Interleukin-17A immune pattern across genetic acantholytic and blistering disorders

Interleukin (IL)-17A was highly expressed in all samples of Hailey-Hailey disease, Darier disease, and junctional and dystrophic epidermolysis bullosa. These results suggest that IL-17A does play a role in the pathogenesis of inflammation in acantholytic and blistering genodermatoses. Therefore anti-IL-17A therapy should be considered as an alternative or additional treatment for patients with these genodermatoses. There is a high therapeutic need in acantholytic and blistering genodermatoses. Cutaneous inflammation is a reasonable therapeutic target, although the patterns are not yet fully elucidated. Here we investigated by immunohistochemistry whether interleukin (IL)-17A is expressed in the inflammatory infiltrate in 34 patients with Hailey-Hailey disease, Darier disease, and junctional and dystrophic epidermolysis bullosa.

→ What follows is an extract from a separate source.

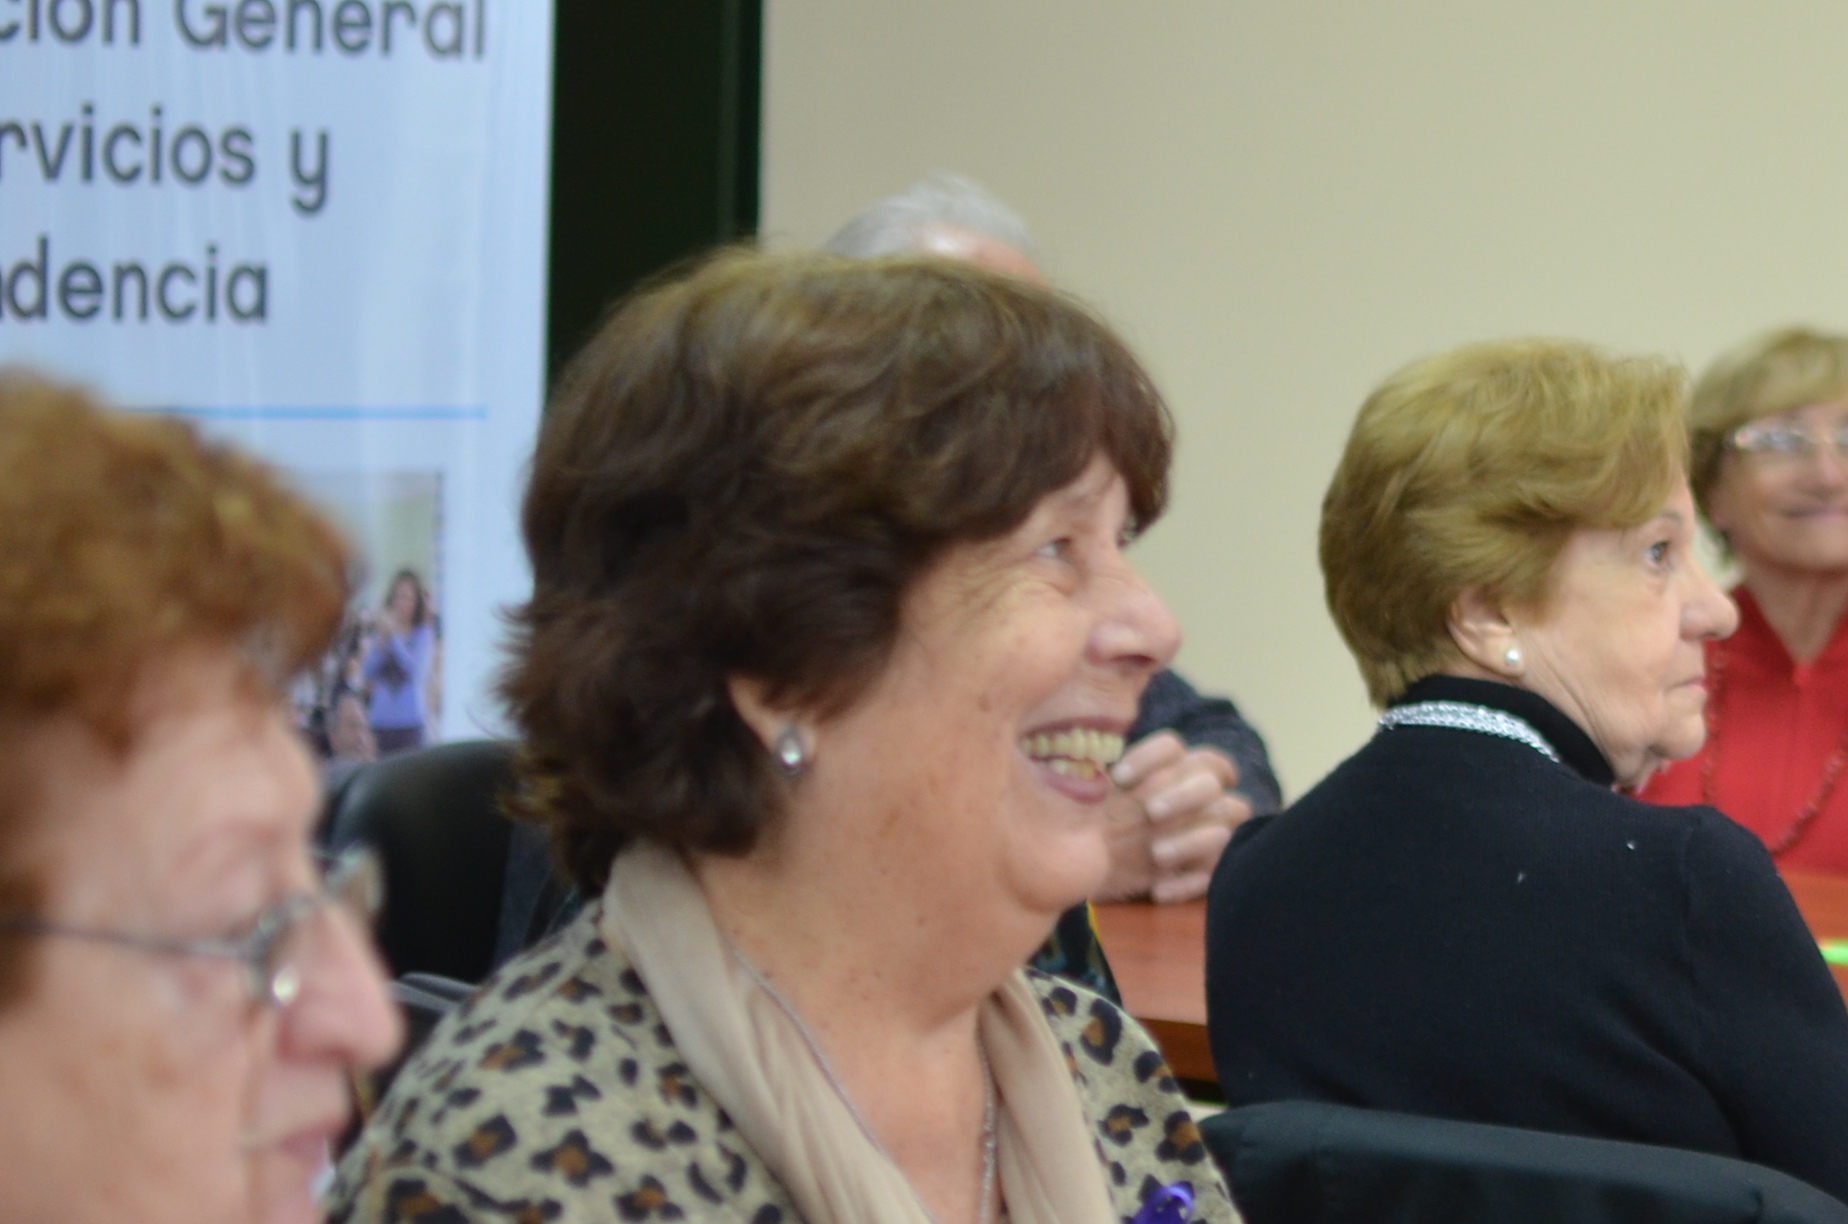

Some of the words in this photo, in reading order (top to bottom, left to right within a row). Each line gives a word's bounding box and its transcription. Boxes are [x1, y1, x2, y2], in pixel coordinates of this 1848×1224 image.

[174, 0, 485, 60] General
[289, 127, 330, 216] y
[0, 233, 270, 325] dencia

There was a 5-7-fold increase in the number of IL-17A-positive cells in all patients' samples as compared with normal skin. IL-17A cells were present in epidermal acantholytic areas and dermal inflammatory infiltrates in Hailey-Hailey and Darier disease. In epidermolysis bullosa samples, positive cells were present at the dermoepidermal junction zone. The IL-17A inflammatory pattern was validated by observing upregulation of downstream genes/proteins, S100A7, S100A8 and S100A9 (S100 calcium-binding proteins). These results suggest that IL-17A contributes to skin inflammation and could be a therapeutic target during inflammatory flares in these disorders.